En Juan 10:16, Jesús dijo: “Ellas oirán mi voz”.
Esta palabra muestra el cuidado de Cristo por personas que todavía estaban lejos, pero serían alcanzadas por Él. El Buen Pastor conoce a los que son Suyos, aun antes de que comprendan plenamente Su llamado.
Muchas personas llegan a Jesús en momentos diferentes de la vida. Algunas vienen heridas. Otras están cansadas de intentar encontrar sentido en lugares que no sostienen el alma. También hay quien carga preguntas sinceras y todavía no sabe cómo acercarse a Dios.
La voz de Jesús no se confunde con el ruido que presiona, acusa o manipula. Llama con verdad. Cuando Cristo toca el corazón, algo empieza a aclararse por dentro.

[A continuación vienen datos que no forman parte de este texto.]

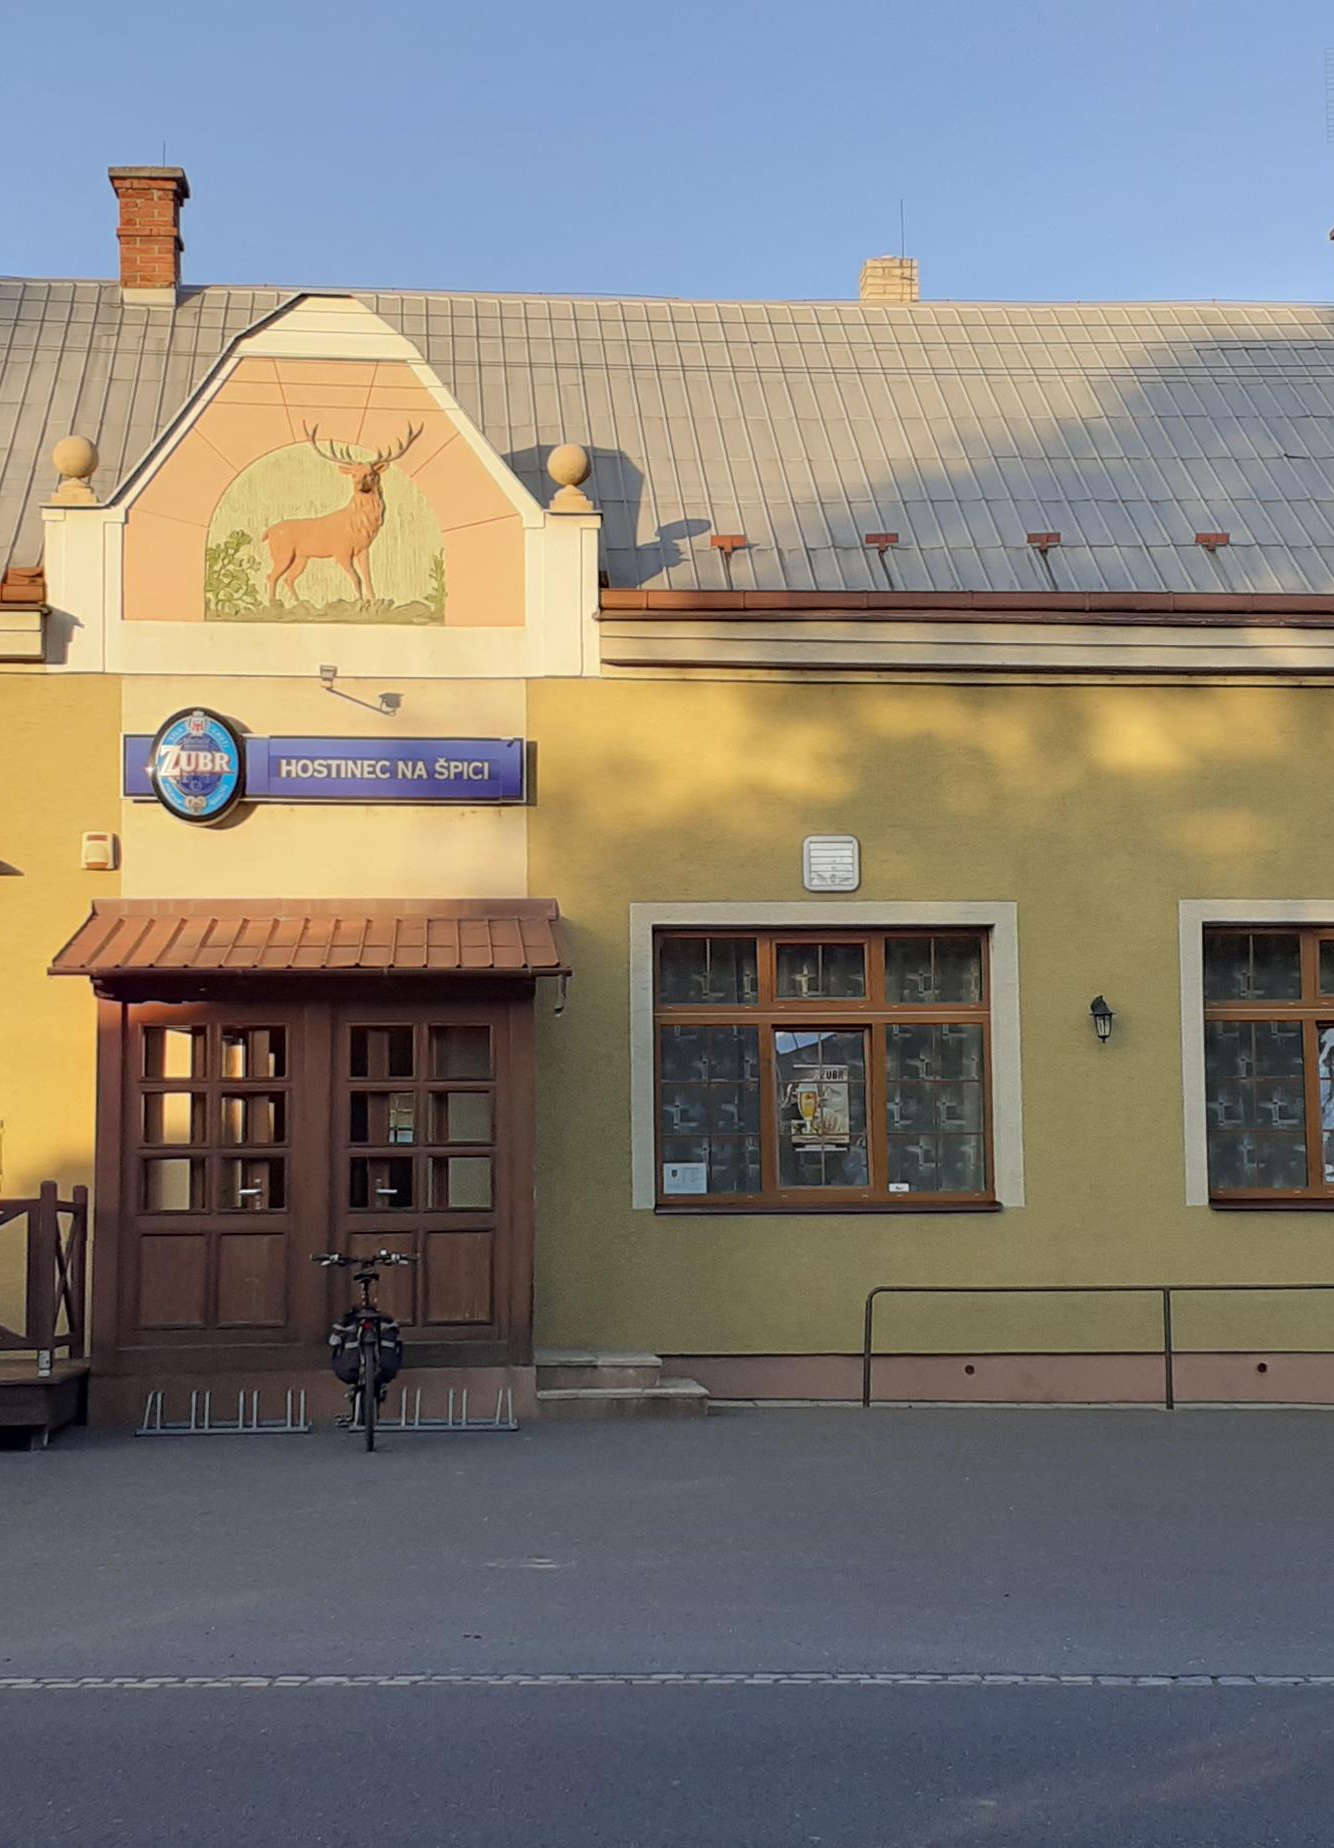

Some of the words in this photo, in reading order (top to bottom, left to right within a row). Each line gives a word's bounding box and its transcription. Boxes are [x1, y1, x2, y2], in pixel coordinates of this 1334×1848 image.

[160, 745, 231, 776] ZUBR
[280, 759, 391, 779] HOSTINEC
[397, 760, 428, 780] NA
[434, 757, 490, 780] ŠPICI
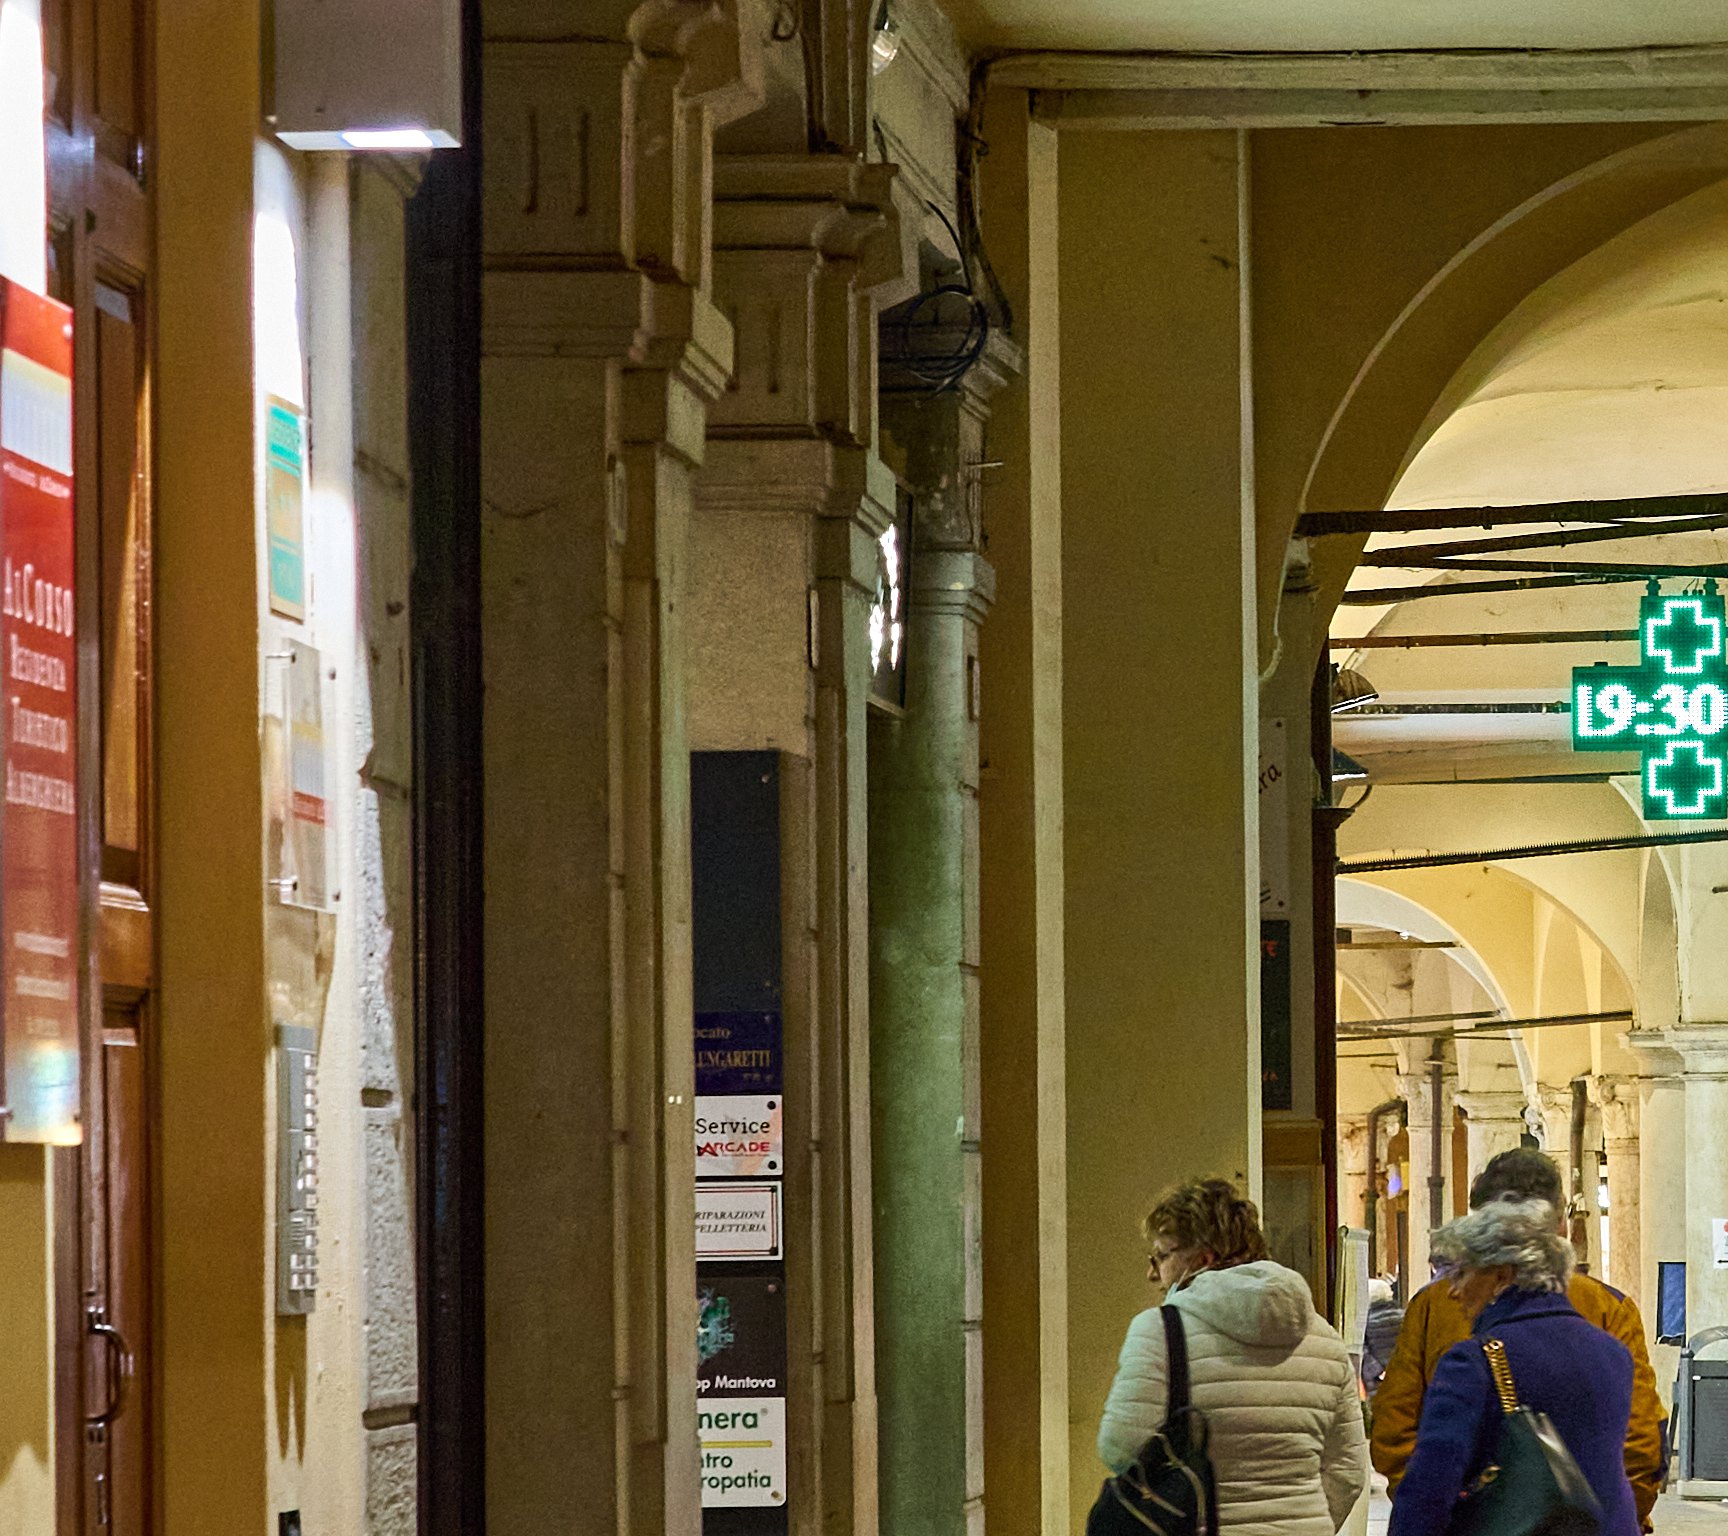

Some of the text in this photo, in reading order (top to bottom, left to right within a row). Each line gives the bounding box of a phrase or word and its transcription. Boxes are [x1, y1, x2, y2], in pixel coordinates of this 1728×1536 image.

[695, 1117, 770, 1134] Service
[697, 1141, 770, 1157] ARCADE
[695, 1210, 765, 1220] RIPARAZIONI
[714, 1374, 776, 1389] Mantova
[698, 1412, 758, 1429] nera

La persona comienza a percibir que Lo necesita, que no puede conducir su vida sola y que hay descanso al seguir Sus pasos.

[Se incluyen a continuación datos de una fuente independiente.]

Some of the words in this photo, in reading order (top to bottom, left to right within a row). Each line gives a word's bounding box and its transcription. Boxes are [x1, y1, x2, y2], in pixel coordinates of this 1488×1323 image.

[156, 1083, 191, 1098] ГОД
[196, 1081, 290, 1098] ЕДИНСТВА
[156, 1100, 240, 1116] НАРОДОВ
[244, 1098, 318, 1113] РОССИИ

Esto no quita todas las dudas de una vez. Tampoco significa que el camino se vuelve fácil. Pero quien aprende a escuchar a Jesús empieza a reconocer la dirección del Pastor en medio de las incertidumbres.

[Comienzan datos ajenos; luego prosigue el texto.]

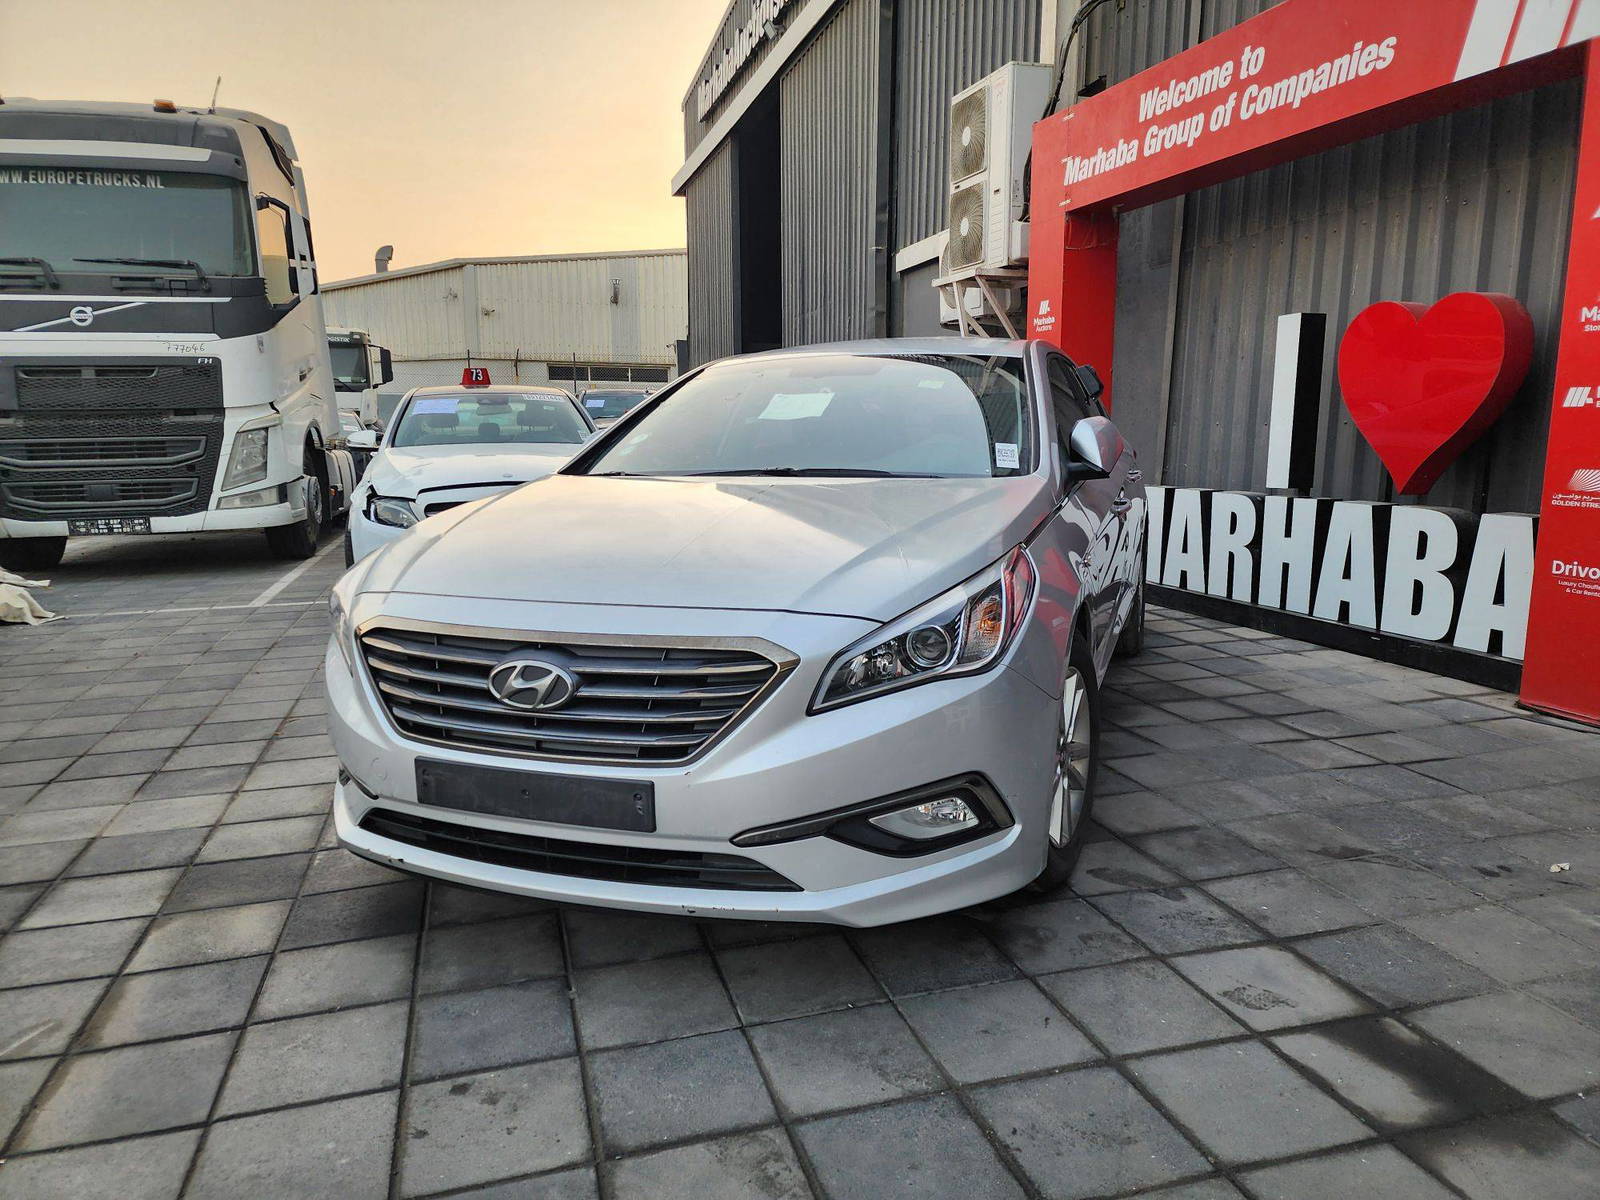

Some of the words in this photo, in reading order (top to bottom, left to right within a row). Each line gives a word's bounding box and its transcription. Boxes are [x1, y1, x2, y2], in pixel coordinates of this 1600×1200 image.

[1138, 60, 1234, 123] Welcome
[1239, 45, 1266, 81] to
[1063, 138, 1140, 187] Marhaba
[1143, 112, 1205, 158] Group
[1209, 91, 1238, 133] of
[1239, 36, 1398, 120] Companies
[470, 369, 483, 381] 73
[1266, 313, 1303, 489] I
[1552, 499, 1580, 507] GOLDEN
[1558, 580, 1577, 588] Luxury

Cada día, necesitamos silenciar las voces que nos alejan de Cristo. Su voz sigue llamando el corazón a acercarse, con paciencia y cuidado.
Oración
Señor Jesús, danos sensibilidad para reconocer Tu voz. Guarda nuestro corazón de las voces que nos alejan de Ti y enséñanos a seguir Tus pasos con confianza. En el nombre de Jesús, amén.